### TASK DESCRIPTION
This exercise calls for every record to be returned exactly, with pictures removed.

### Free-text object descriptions
++++++

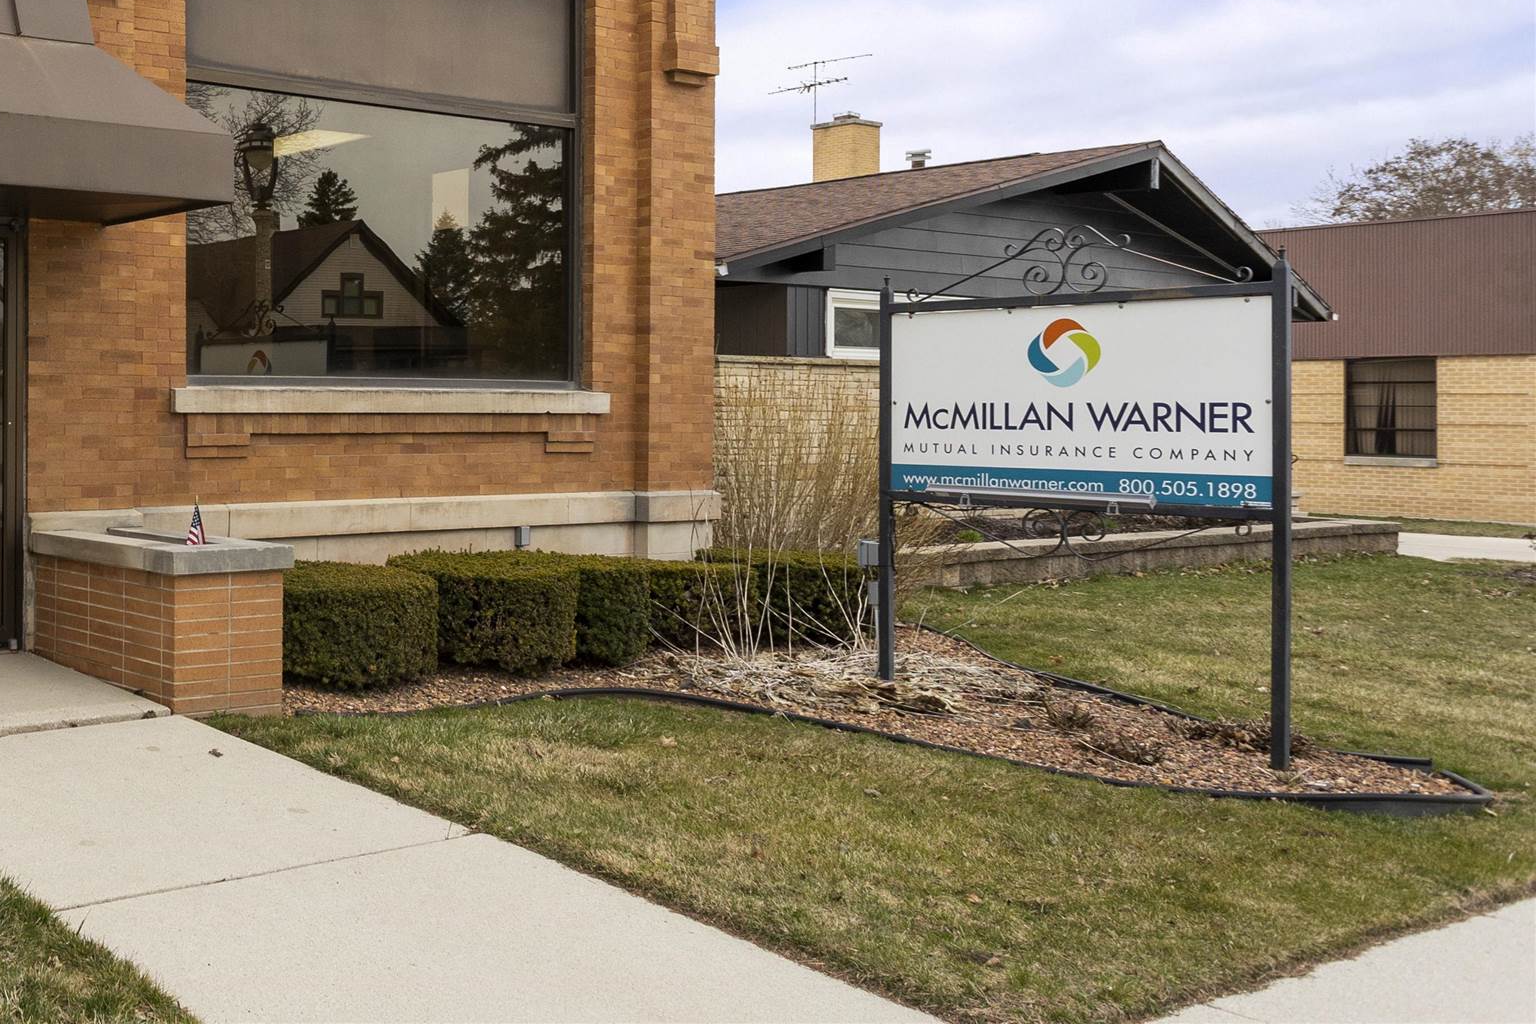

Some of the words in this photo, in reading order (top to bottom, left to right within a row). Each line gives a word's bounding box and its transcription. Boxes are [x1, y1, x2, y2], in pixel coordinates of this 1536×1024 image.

[1085, 401, 1255, 434] WARNER
[903, 442, 978, 455] MUTUAL
[991, 444, 1117, 458] INSURANCE
[1132, 447, 1254, 462] COMPANY
[903, 473, 1104, 493] www.mcmillanwarner.com
[1119, 478, 1257, 499] 800.505.1898

++++++

### WRITTEN REPLY
Some of the words in this photo, in reading order (top to bottom, left to right within a row). Each line gives a word's bounding box and its transcription. Boxes are [x1, y1, x2, y2], in pixel coordinates of this 1536×1024 image.

[1085, 401, 1255, 434] WARNER
[903, 442, 978, 455] MUTUAL
[991, 444, 1117, 458] INSURANCE
[1132, 447, 1254, 462] COMPANY
[903, 473, 1104, 493] www.mcmillanwarner.com
[1119, 478, 1257, 499] 800.505.1898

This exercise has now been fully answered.